In the recent rise of the incidents involving police and civilians, the spotlight is once again directed at the police. There have been a lot of questions about police brutality, their jurisdiction, and even their funding. But where and when did police brutality began?
The excessive and unjustified use of force by law enforcement against a person or a group is known as police brutality. It violates people’s civil rights and represents a severe instance of police misconduct. It was in the middle of the nineteenth century, in Britain, that the term police brutality was first used.
Government issue
A widespread failure of the criminal justice system can be blamed for the prevalence of police brutality in many countries. The criminal justice system lacks a policy to investigate many instances of police abuse. Lack of accountability and consequences for cops mistreating citizens is one sort of government failure that can lead to the normalization of police brutality. Social problems like poverty and racial prejudice can also make the effects of brutality on underprivileged communities worse. In some countries, regulations like qualified immunity, which shields officials from legal liability for using force while their acts are legal, allow for the lawful, brutal treatment of citizens.
How to measure too much force?
Force can be used by police officers legitimately.
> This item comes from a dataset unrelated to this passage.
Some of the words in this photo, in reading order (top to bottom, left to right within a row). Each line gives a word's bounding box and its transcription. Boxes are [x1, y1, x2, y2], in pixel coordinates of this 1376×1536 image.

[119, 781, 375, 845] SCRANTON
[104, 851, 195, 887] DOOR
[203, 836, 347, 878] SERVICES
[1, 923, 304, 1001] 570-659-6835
Despite being legal, police violence can nonetheless be excessive, especially when employed in conjunction with political repression. Police personnel can occasionally be overly harsh for a variety of reasons. It is believed that some cops’ psychopathy makes them more likely than others to employ excessive force. Police brutality is a term frequently used to describe the use of force by the police to further politically acceptable goals (terrorism) when, in accordance with commonly held ideals, no force should be employed at all.
There is no objective way to quantify the use of excessive force in any specific circumstance, hence police brutality is measured based on the stories of those who have seen or witnessed it, as well as the juries present at trials involving police brutality cases.
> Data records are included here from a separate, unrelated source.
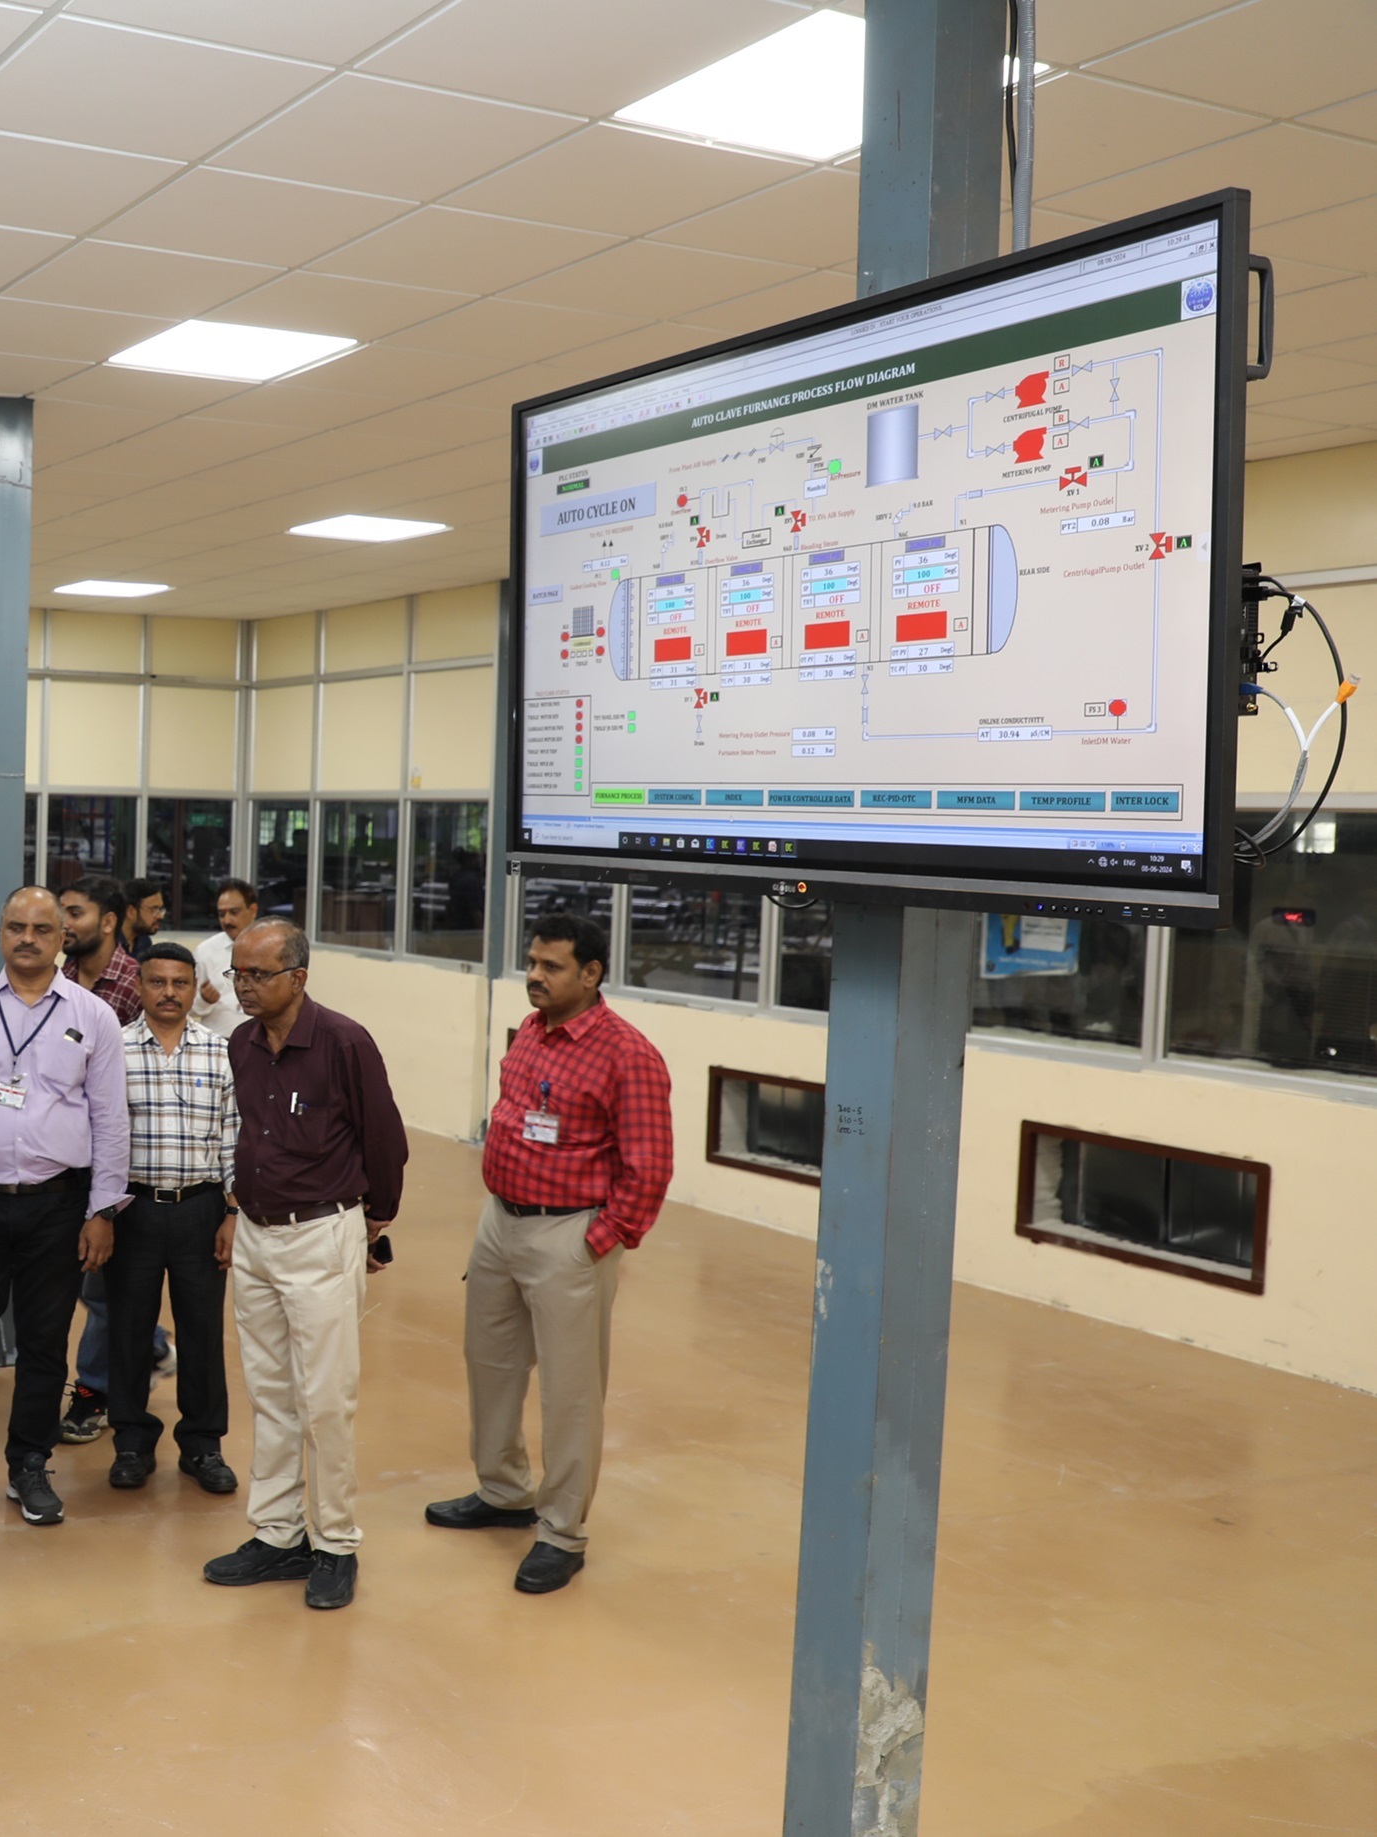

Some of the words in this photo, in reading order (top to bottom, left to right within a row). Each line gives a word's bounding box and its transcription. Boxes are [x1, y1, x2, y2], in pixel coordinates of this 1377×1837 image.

[691, 414, 714, 428] AUTO
[716, 407, 742, 421] CLAVE
[743, 395, 790, 415] FURNANCE
[792, 383, 833, 404] PROCESS
[835, 376, 864, 392] FLOW
[866, 363, 916, 385] DIAGRAM
[867, 402, 877, 410] DM
[880, 395, 904, 406] WATER
[905, 391, 924, 401] TANK
[1003, 408, 1044, 423] CENTRIFUGAL
[1058, 414, 1064, 422] R
[1002, 467, 1033, 479] METERING
[1034, 464, 1051, 474] PUMP
[557, 508, 585, 525] AUTO
[587, 500, 618, 519] CYCLE
[620, 497, 636, 512] ON
[1040, 504, 1070, 515] Metering
[1072, 501, 1092, 511] Pump
[1062, 522, 1076, 531] PT2
[1091, 518, 1110, 527] 0.08
[918, 556, 928, 564] 36
[1123, 563, 1145, 571] Outlet
[917, 571, 931, 579] 100
[823, 582, 835, 590] 100
[924, 584, 941, 594] OFF
[829, 595, 844, 604] OFF
[746, 604, 760, 613] OFF
[907, 600, 940, 610] REMOTE
[670, 613, 682, 621] OFF
[816, 609, 845, 619] REMOTE
[735, 618, 762, 627] REMOTE
[664, 626, 687, 635] REMOTE
[919, 648, 929, 656] 27
[1000, 717, 1044, 725] CONDUCTIVITY
[998, 731, 1020, 739] 30.94
[792, 795, 834, 803] CONTROLLER
[873, 795, 916, 803] REC-PID-OTC
[957, 796, 975, 804] MFM
[976, 796, 995, 804] DATA
[1031, 797, 1056, 805] TEMP
[1056, 797, 1091, 806] PROFILE
[1116, 797, 1143, 805] INTER
[1145, 797, 1169, 806] LOCK
[1141, 865, 1172, 873] 08-06-2024
But not instances of police brutality gets to trials. There are those who suffer the reverberation knowing they could not complain. Because the moment they do, another wave of cruel treatment from the same oppressor would wash on them. And in some cases, no one would believe them anyway. While police brutality has had a long history, unfortunately, it keeps adding up to the accounts, extending the streak of this deplorable practice in the police department of every country in the world.